In order to do that, we have to understand how this awkward opposition between "reforms" and "elections" came into being in the first place. A good starting point is corruption, which has been the focal point of the political conflict.

There is a consensus that endemic corruption hurts political and economic development. Every Thai has a personal story to tell about corruption. Interestingly, there are radically different perceptions of what corruption actually is.

This matters a great deal, because the way in which corruption is understood largely determines what kind of solutions a speaker has in mind. Those who fear corruption as moral decay will seek to strengthen morality. Those who blame it on “bad people” will aim to “exterminate” this “rubbish”. Those who identify it as a problem of governance will install new laws and institutions, and those who see it as the decay of the ancient regime will strive to overcome it.

Different worldviews on corruption play a central role in the construction of the red/yellow-shirt conflict. Corruption narratives explain in a nutshell what all this turmoil is about. They empower actors, and limit the room to manoeuvre for others.

Corruption narratives are crucial parts of the platforms on which the heterogeneous yellow and red discourse alliances can come together. "Saving the nation from moral corruption" is what royalists and former communists, military men and workers, southern farmers and Bangkok’s middle class can agree on, despite all their differences. Whereas "overcoming a corrupt and unjust system" is the battle cry for the red alliance between capitalist tycoons and the poor, academics and taxi drivers, rural farmers and Bangkok’s cosmopolitan bohème.

Corruption narratives are also the key to understanding the rage of Bangkok’s middle class. To oversimplify, many fear that "corrupt politicians take our tax money to bribe the greedy poor to vote for them", consequently "bankrupting the state with populism". Middle-class anger is fueled by the "vulgar corruption and nepotism of political mafias”.

These narratives point directly to the origin of the false dichotomy between "reforms" and "elections". In order to win elections with the support of the rural vote, political entrepreneurs forged alliances with local power-brokers. Once elected, local politicians tend to bring the feudalistic logic of the province into national politics. Seen from the perspective of the middle class, patrons distributing spoils into their personal networks is degeneration back to "primitive times" thought to be long gone. The solution is then clear: To suspend the mechanism which allows the rule of the "corrupt provinces" over the "decent capital" — elections. Consequently many of the "reforms" of the past decade were aimed at curbing the influence of elected politicians by checking them with "neutral" institutions. In its seminal ruling on the Senate amendment, the Constitutional Court embraced the same narrative to equate elections with nepotism.

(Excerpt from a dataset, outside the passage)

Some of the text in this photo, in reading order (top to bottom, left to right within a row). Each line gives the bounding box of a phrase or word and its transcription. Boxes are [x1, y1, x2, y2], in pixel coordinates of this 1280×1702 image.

The problem with this approach is that it does not curb corruption. On the contrary, reaffirming "traditional morality" means strengthening the exact same patronage system which functions by distributing spoils into personal networks. What is needed is the opposite: A modern political system with impersonal, merit-based institutions. The best way to curb corruption is to help people defend their rights and interests against the powerful. In other words, not less, but more democracy is the most successful way to fight against corruption.

Naturally, those who benefit from the status quo will resist institutional limits and controls to their power. This is why the fight against corruption cannot be neutral. Therefore, corruption fighters need to forge an alliance with those who seek deeper democratisation and social justice.

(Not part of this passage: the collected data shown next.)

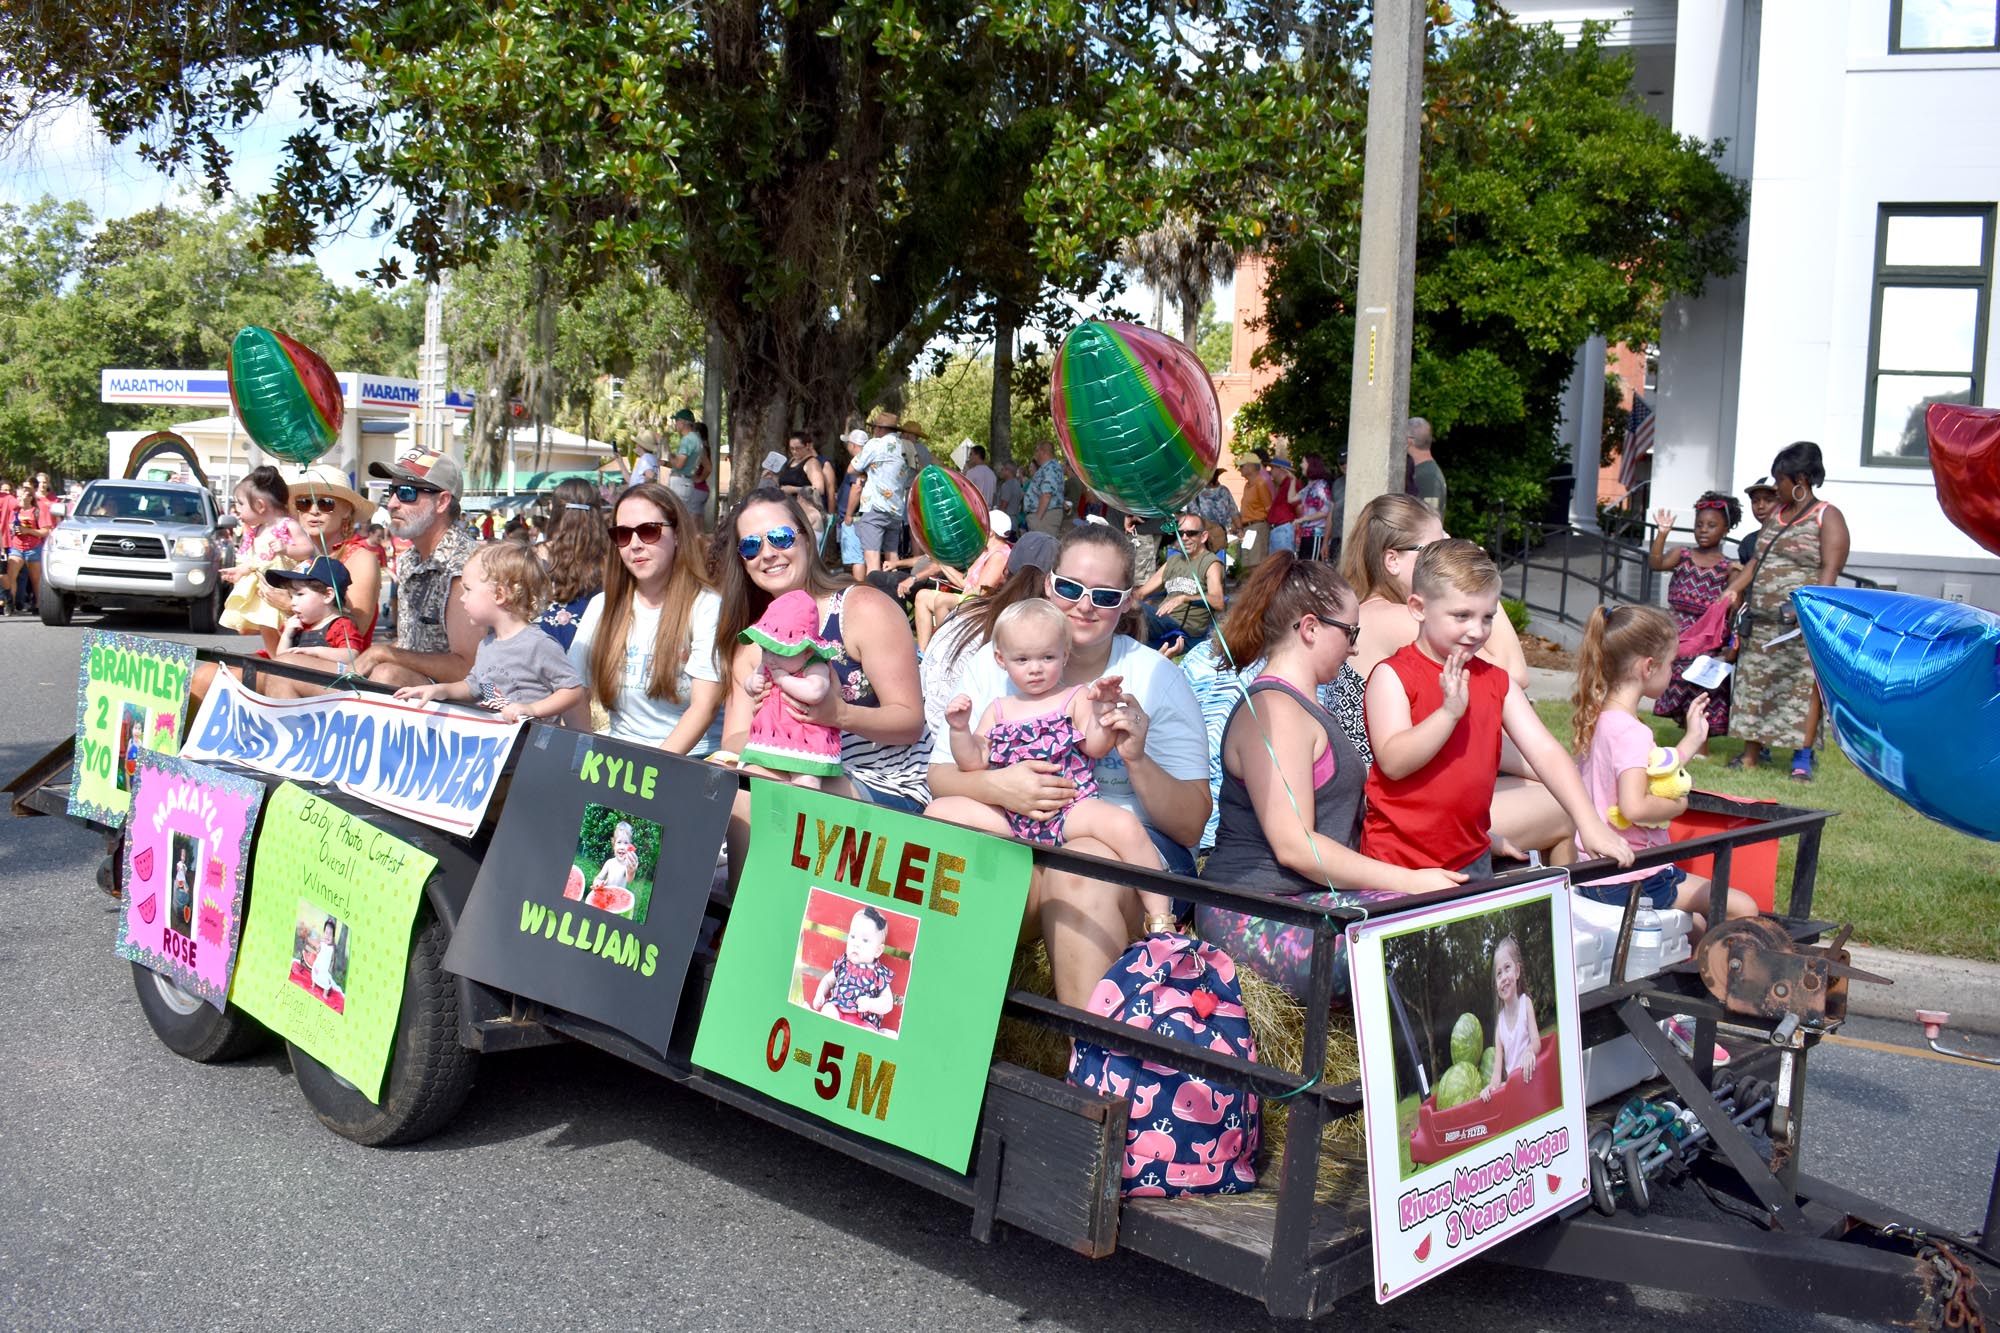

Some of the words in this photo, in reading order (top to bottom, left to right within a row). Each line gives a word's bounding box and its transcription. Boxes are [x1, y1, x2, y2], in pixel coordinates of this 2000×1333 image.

[110, 379, 184, 392] MARATHON
[362, 383, 420, 401] MARATH
[91, 646, 187, 702] BRANTLEY
[97, 696, 110, 730] 2
[83, 737, 112, 779] Y/O
[196, 688, 279, 761] BABY
[276, 710, 376, 786] PHOTO
[374, 718, 511, 812] WINNERS
[580, 750, 659, 800] KYLE
[153, 784, 224, 853] MAKAYLA
[299, 798, 334, 843] Baby
[336, 814, 363, 852] Photo
[319, 841, 357, 883] Overall
[791, 812, 966, 917] LYNLEE
[163, 927, 198, 968] ROSE
[520, 900, 659, 978] WILLIAMS
[1399, 1180, 1453, 1232] Rivers
[1453, 1153, 1515, 1205] Monroe
[1514, 1127, 1570, 1175] Morgan
[1446, 1210, 1461, 1248] 3
[1460, 1193, 1509, 1240] Years

Deeper democratisation is the way to square the circle between "reforms" and "elections". Not suspending political rights but empowering the great mass of people is the reform needed to curb corruption. Deeper democratisation of the provinces will help reconcile the middle class with elections. Deeper democratisation will help to strengthen the rule of law, making political parties more responsive and elected leaders more accountable. Deeper democratisation is the way out of Thailand’s crisis.


Marc Saxer is resident director of the Friedrich-Ebert-Stiftung Thailand office.